One of the first articles researched was “Latinos seek environmental justice and public discourse for underserved communities in the united states” by D. A. Anque, and C. N. Doval (Anque, Doval; 2014). This article addresses the threat that much of the Latino population in the United States is under in terms of environmental hazards, such as unclean drinking water, and hazardous waste sites. The paper states that this is an especially harmful hazard in farm settings where the lack of sanitation is disastrous for Latino workers. It goes on to address that many of these companies find loopholes in laws and regulations so that their work environments go unchecked (Anque, Doval; 2014). The article adds that these detrimental hazards facing the Latino population could shape the Latino vote and future environmental policies. This article could provide information for how these environmental hazards affect the Latino population and then be applied to the Latino population here in Omaha. This article’s information for the effects of environmental hazards could then be used to either support or deny the claim that environmental racism exists within the Omaha community on a significant scale.

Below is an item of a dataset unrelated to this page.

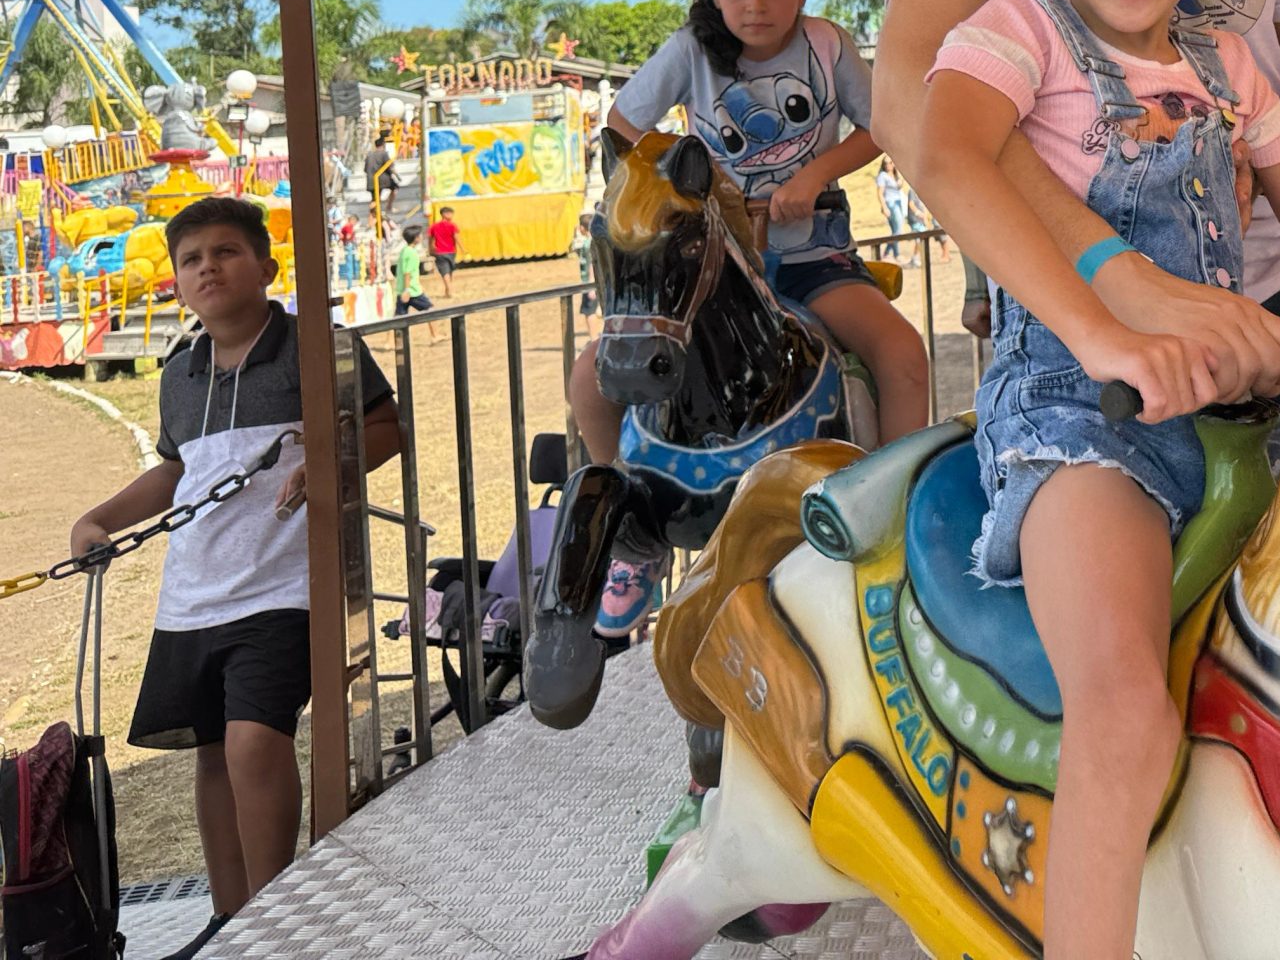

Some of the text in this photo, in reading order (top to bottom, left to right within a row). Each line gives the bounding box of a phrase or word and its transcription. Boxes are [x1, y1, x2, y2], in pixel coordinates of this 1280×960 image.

[420, 58, 553, 93] TORNADO
[476, 138, 525, 178] RAP
[864, 585, 952, 797] BUFFALO

The next article examined titled, “Inequality at birth: Some causes and consequences” by J. Currie, addressed how the prenatal period and exposure to environmental hazards could influence how the children grow into either successful or unsuccessful adults (Currie; May 2011). Their prediction is that poor and minority communities are more at risk for environmental pollutants and that these pollutants could cause significant damage to developing fetus’ in the prenatal period. This argument would then counteract the suggestion that disparities among the minority populations is genetic. Looking at premature births and birth weights, the article shows that white college educated mothers are more likely to have less premature births and larger birth weights. Along with this, the paper shows that white college educated mothers are more likely to live in Superfund sites after cleanup whereas minority mothers are more likely to live near these sites before any cleanup is done. This is interpreted as evidence of minority mothers and their developing children as being more at risk for the possible health effects due to living near Superfund sites (Currie; May 2011). This article has the potential to add information on both adults and children who are being exposed to environmental hazards and how this could impact their opportunities later in life. Looking at the prenatal period in Omaha could benefit this study in terms of how environmental racism has a deeper and longer lasting effect on minority populations.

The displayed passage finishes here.